Kolumne: Die Energiewende in Deutschland steht vor einem wichtigen Rätsel im Chemiesektor

LITTLETON, Colorado, 30. Mai (Reuters) – Europas größte Volkswirtschaft ist auch einer der energischsten Befürworter der Region für die Umstellung der Energiesysteme weg von fossilen Brennstoffen und führend auf dem Kontinent bei Emissionsreduktionszielen und Investitionen in erneuerbare Energiequellen.

Deutschland ist jedoch auch die Heimat des größten Chemiesektors Europas, der Kunststoffe, Farben, Säuren und andere wichtige Rohstoffe produziert, die für Hersteller und Schwerindustrien, die das Rückgrat der deutschen Wirtschaft bilden, von entscheidender Bedeutung sind.

Und da die meisten Chemiefabriken mit Erdgas oder Kohle betrieben werden und Erdöl als Hauptrohstoff verwenden, stellen die Pläne Deutschlands, in den kommenden Jahrzehnten aus der Nutzung fossiler Brennstoffe auszusteigen, eine potenzielle existenzielle Bedrohung für die gesamte Chemiebranche dar.

Die Sicherstellung der Überlebensfähigkeit eines so wichtigen Segments der deutschen Wirtschaft, auch wenn das Energiesystem des Landes umgestaltet wird, wird in den kommenden Jahren eine entscheidende Herausforderung für politische Entscheidungsträger und Unternehmensplaner sein.

Ein schlecht gemanagter Zusammenbruch der Chemielieferkette könnte einen schweren Schlag für den Rest der deutschen verarbeitenden Wirtschaft bedeuten, die für die Herstellung ihrer eigenen Produkte auf eine Fülle erschwinglicher Inputs angewiesen ist.

Der Sektor ist auch ein wichtiger Arbeitgeber, der große Lieferketten für Rohstoffe und Endprodukte aufrechterhält, sodass jeder Abschwung zu erheblichen Arbeitslosigkeitsrisiken in ganz Europa führen könnte.

Allerdings würde eine erfolgreiche Begleitung der Chemieindustrie durch die Energiewende des Landes, einschließlich der Möglichkeit für Chemieproduzenten, ihre eigene Energieversorgung und -produktion zu dekarbonisieren, einen entscheidenden Wettbewerbsvorteil für die Gesamtwirtschaft Deutschlands sichern.

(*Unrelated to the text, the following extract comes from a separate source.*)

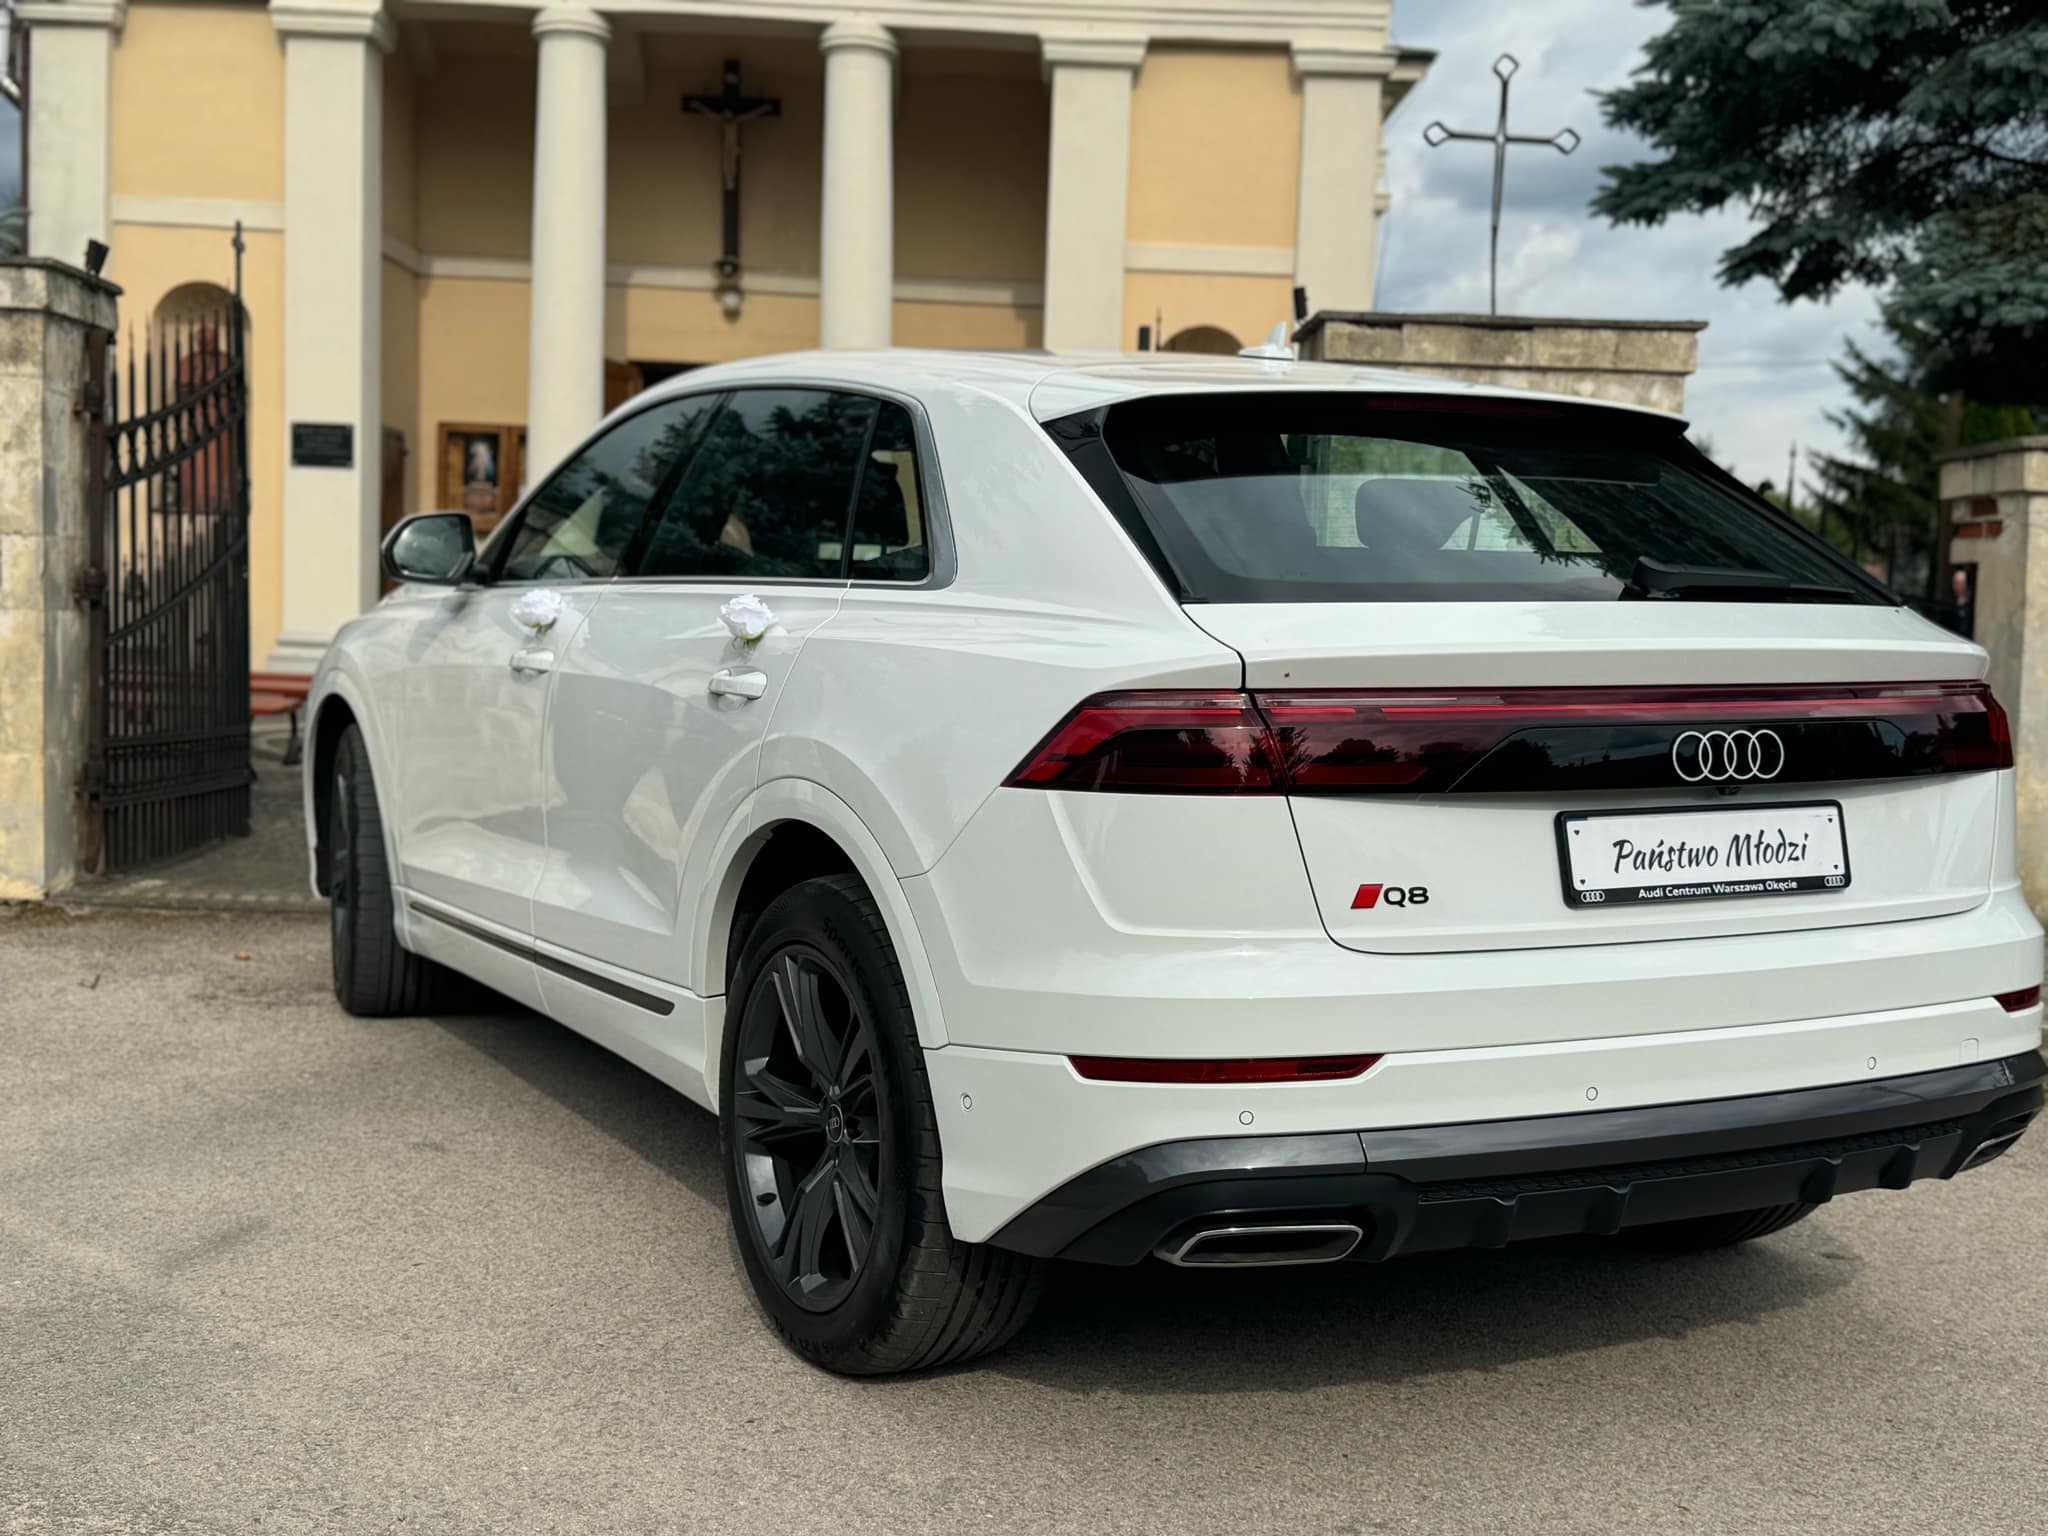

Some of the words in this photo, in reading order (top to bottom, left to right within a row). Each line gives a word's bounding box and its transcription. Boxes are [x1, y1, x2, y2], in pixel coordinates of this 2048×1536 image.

Darüber hinaus könnte ein moderner und emissionsarmer Chemiesektor, der eine Reihe kritischer Produkte für andere Industrien herstellt, zu einem wichtigen Exportbringer für Deutschland werden, das Ambitionen hat, im gesamten Spektrum der Energiewende, einschließlich des Recyclings von Kunststoffabfällen, weltweit führend zu werden.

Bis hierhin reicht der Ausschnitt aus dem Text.